The poll, which surveyed more than 1,000 people by phone in June, also says that just under half of the rest of the country also gives public schools positive marks.
The authors of the poll say that the generally positive feelings people have for public education translate to widespread belief that more effort and resources should be focused on improving public schools, finding that twice as many of those surveyed favor that option to creating an alternative system.
Specifically, the poll says, three-quarters of those polled say they prefer improving the public system, compared to 22 percent who said they would like to see vouchers to use public money for private school. The survey also said it found diminishing support for charter schools — schools paid for and run by the public, but set up independent of existing districts and curricula — with 47 percent of the public opposing the concept versus 42 percent supporting it.
On issues of what’s wrong with schools, the authors of the poll say people’s priorities have changed, saying lack of financial support was cited as this year’s biggest problem, as opposed to lack of discipline last year.

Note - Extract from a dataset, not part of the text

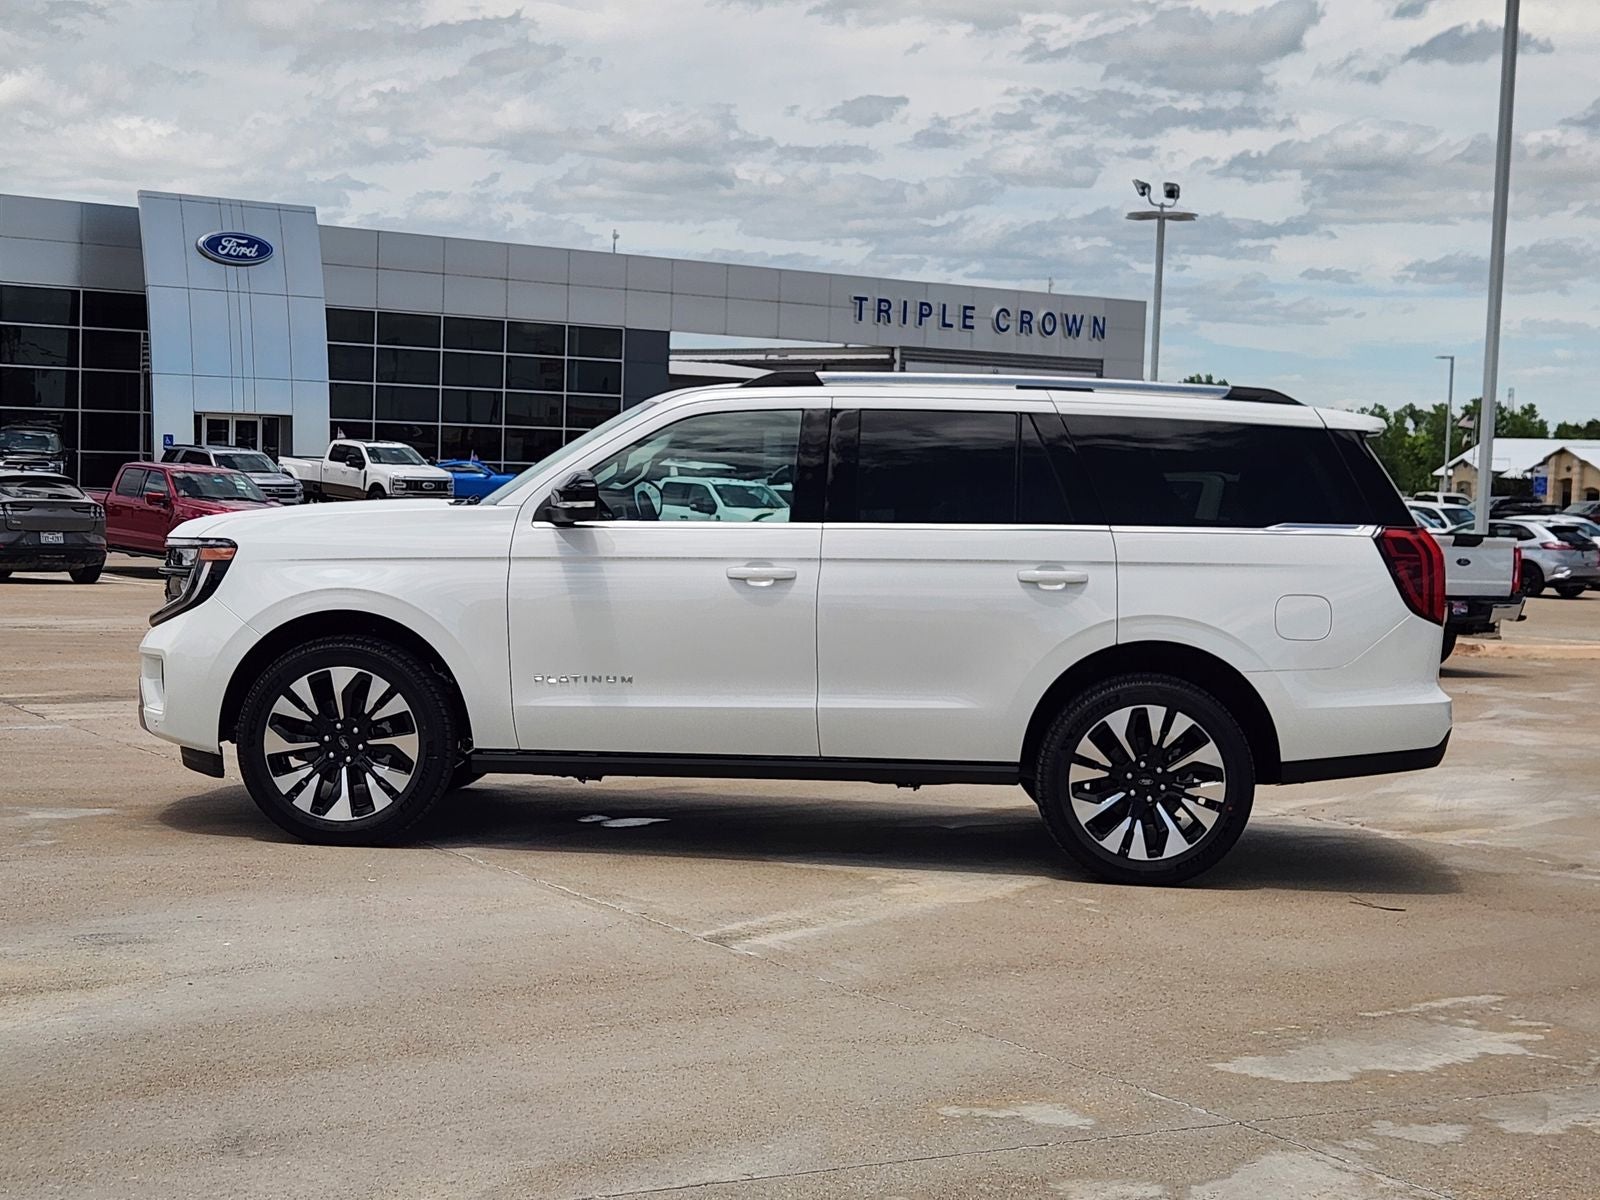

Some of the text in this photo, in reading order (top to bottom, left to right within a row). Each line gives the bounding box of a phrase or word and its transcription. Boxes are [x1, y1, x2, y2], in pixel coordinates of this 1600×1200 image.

[217, 237, 259, 257] Ford
[852, 295, 1106, 340] TRIPLE CROWN
[533, 674, 634, 684] PLATINUM

Most Americans also agree that a teacher’s salary should be tied to her or his students’ achievement, the poll says.
The study comes a day after federal education officials announced that total U.S. enrollment in elementary and secondary school would reach a record 53 million students this year, and as both presidential candidates have promised to make education a central issue of their campaigns.

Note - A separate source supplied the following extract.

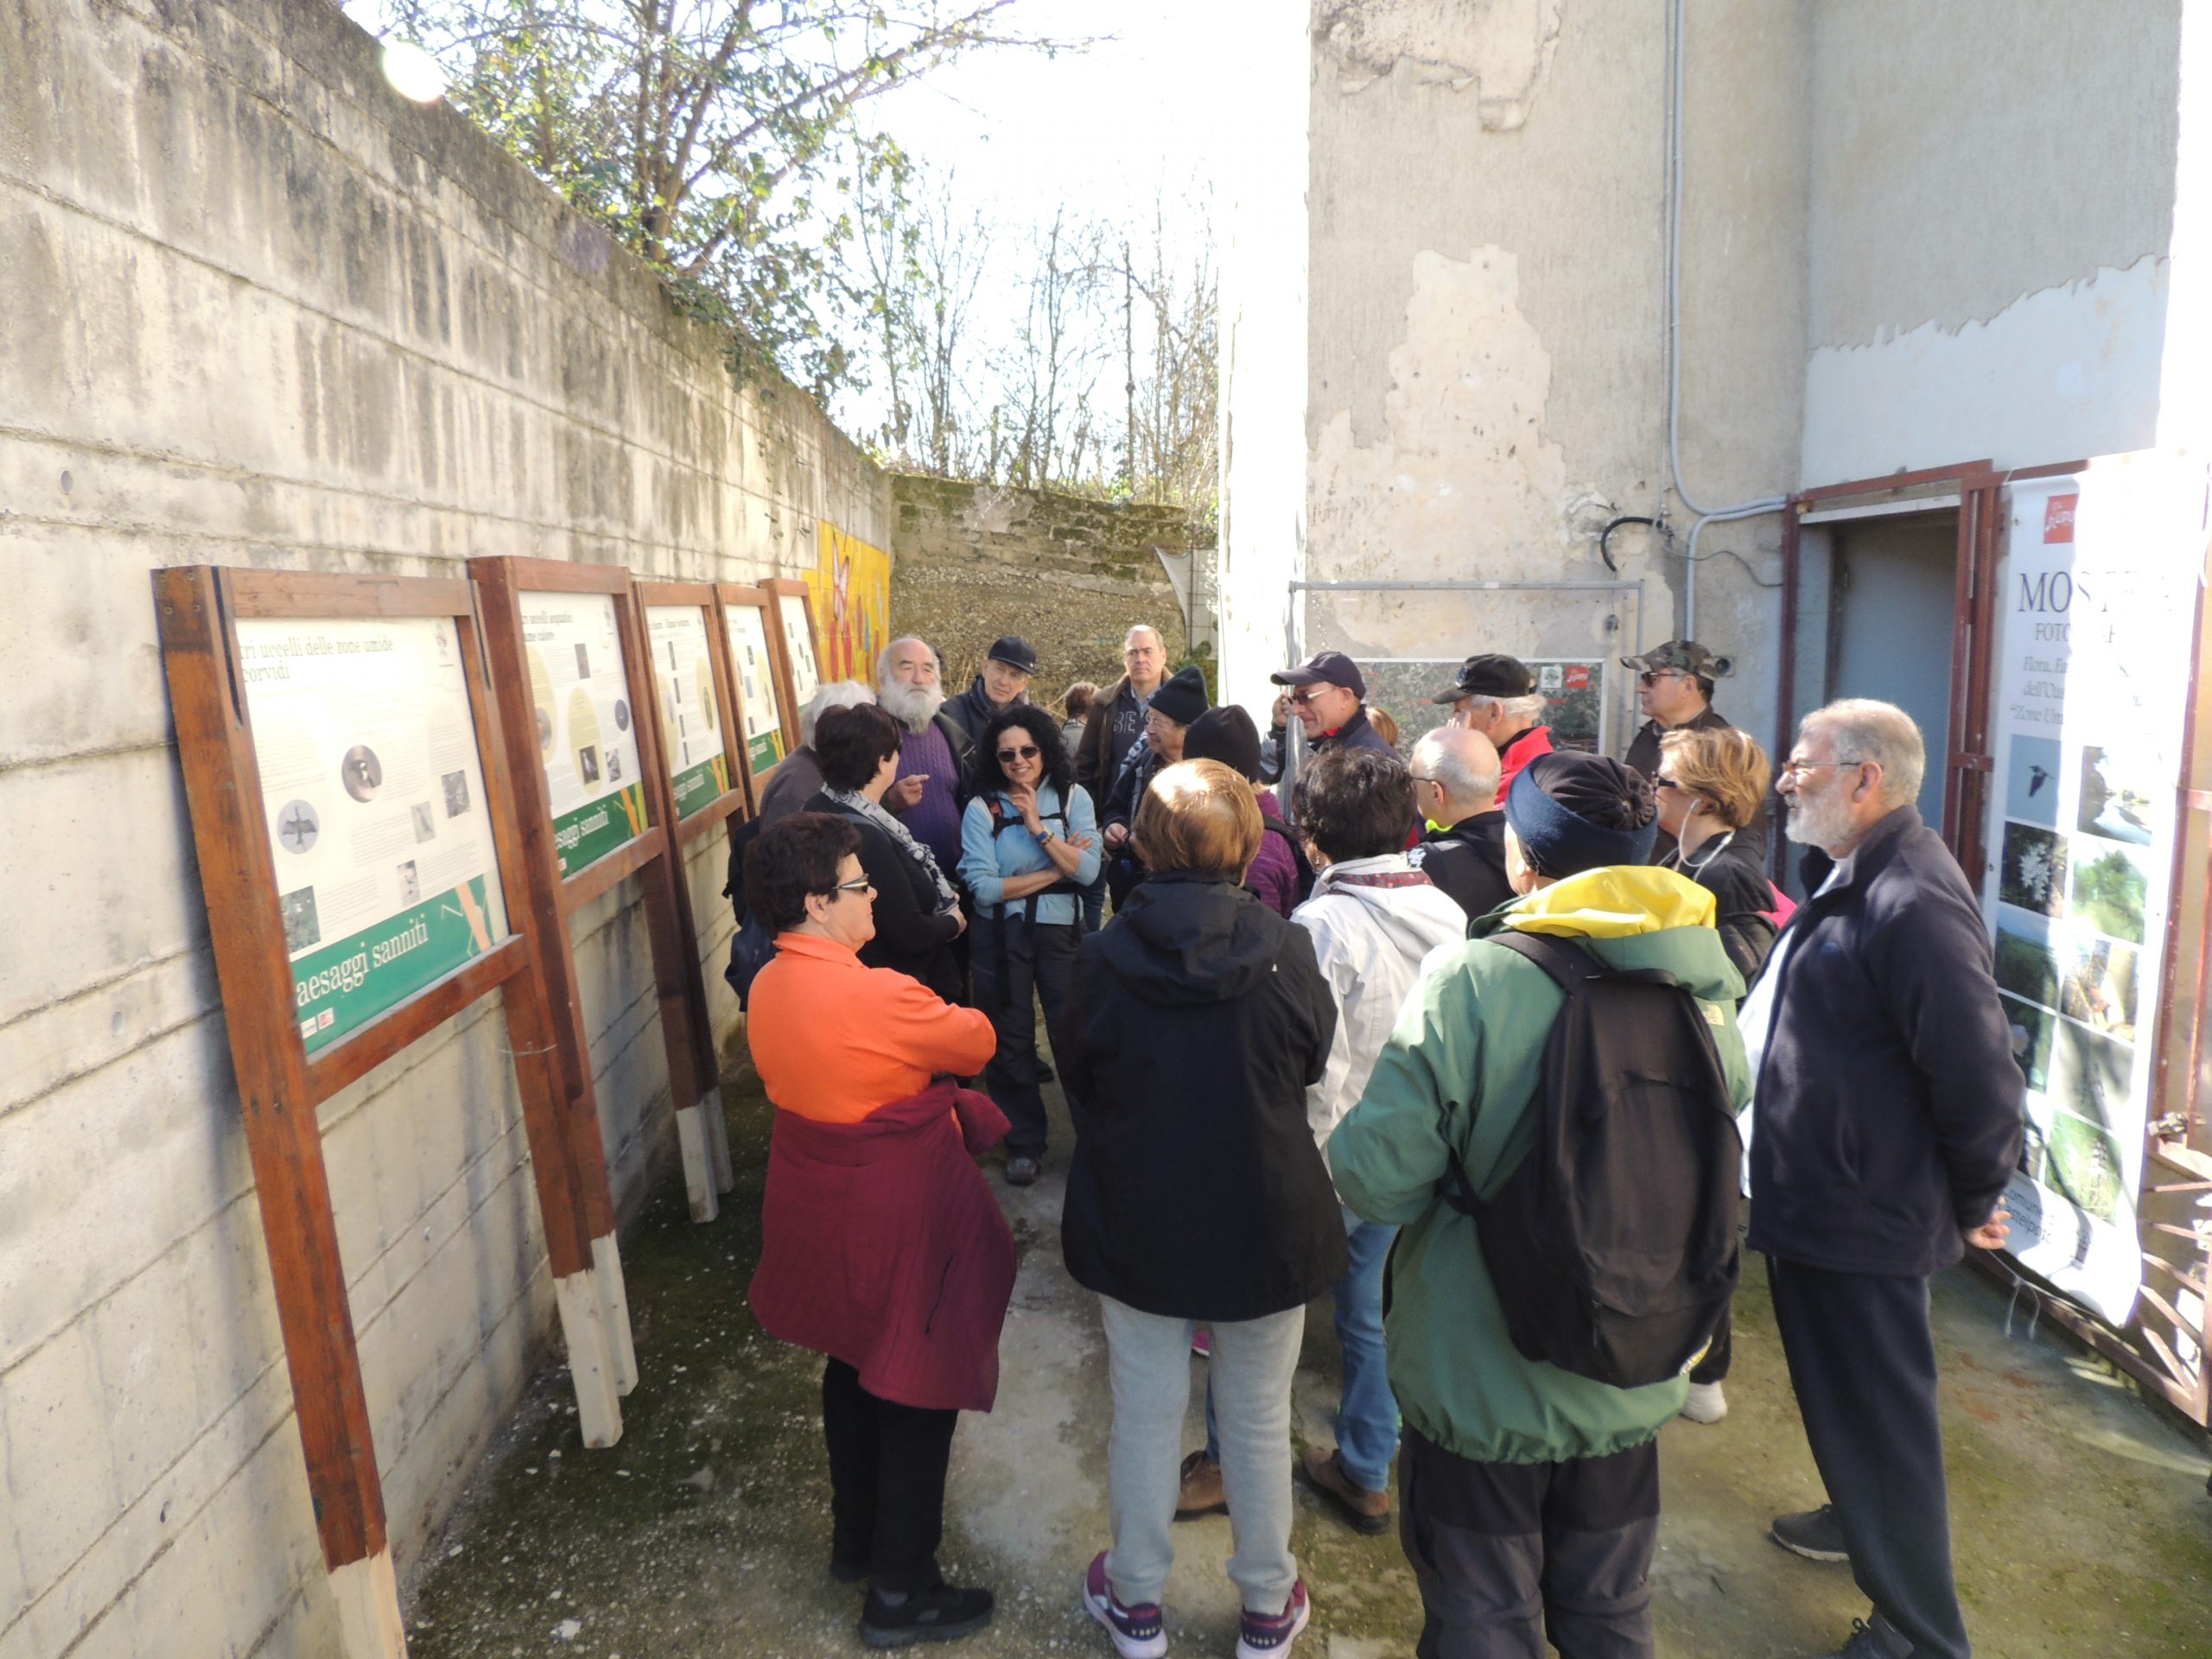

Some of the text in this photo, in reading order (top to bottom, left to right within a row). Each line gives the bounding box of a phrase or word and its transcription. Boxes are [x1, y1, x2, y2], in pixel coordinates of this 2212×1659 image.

A series of ads hit the airways throughout the nation this week outlining Gov. George Bush’s priorities to improve education.

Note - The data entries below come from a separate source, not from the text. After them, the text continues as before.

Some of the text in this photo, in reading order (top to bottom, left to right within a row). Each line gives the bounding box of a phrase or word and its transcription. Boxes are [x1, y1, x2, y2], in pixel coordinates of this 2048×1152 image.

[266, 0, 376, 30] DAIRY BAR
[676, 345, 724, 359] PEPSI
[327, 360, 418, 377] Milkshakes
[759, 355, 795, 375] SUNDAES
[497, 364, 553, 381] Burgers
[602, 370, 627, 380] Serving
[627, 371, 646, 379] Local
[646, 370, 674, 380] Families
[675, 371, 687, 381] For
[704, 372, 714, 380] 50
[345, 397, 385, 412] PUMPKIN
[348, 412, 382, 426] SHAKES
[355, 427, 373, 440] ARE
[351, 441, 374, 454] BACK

Bush, who hasn’t used the word “vouchers” in his campaign, has said he supports giving parents federal aid for use toward private schools as well as innovative education, something Gore opposes but which vice-presidential candidate Sen. Joe Lieberman has supported in the past.
Gore, who in 1992 voted against a bill to give low-income parents money to enroll their children at private or parochial schools, has said greater resources should be dedicated to repairing the public school system.
Also, a number of states — including California, Michigan and Washington — have some kind of voucher or charter school questions in their ballots this year.
Public education advocates point to the survey as evidence Americans still believe in public education and want resources channeled there.
“This is reliable evidence that Americans understand it will take additional resources to meet our nation’s goals in public education improvement,” said Bob Chase, president of the National Education Association. “Parental involvement, reducing class size, enhancing safety, and getting and keeping good teachers represents a balanced, common-sense approach to better schools.”
A Self-Serving Survey?
But other school reform advocates say they don’t trust the results of the survey
“This survey is not unlike the ones they have done in the past in which questions are geared to solicit answers they want,” said Jeanne Allen, president of the Washington-based Center for Education Reform. “They represent groups that support status quo and not reform and it is not valid gauge of people’s attitudes toward education.”
Others questioned the results on charter schools. Paul Hill, a professor at the University of Washington said it is true people may not understand exactly what the difference is between standard schools and their charter cousins, but he said people tend to respond differently to charter schools when asked about their own children’s education.
”When the chips are down, parents want to choose where to send their children,” Hill said
The poll also asked adults with children and without children in public school who they would vote for solely on the issue of improving education.
People with children in public schools favored Bush, with 41 percent saying they support him, while 37 percent said they support Gore. But totals for both adults without children in public schools and overall totals were too close to call.
The poll has a margin of error of plus or minus 4 percentage points.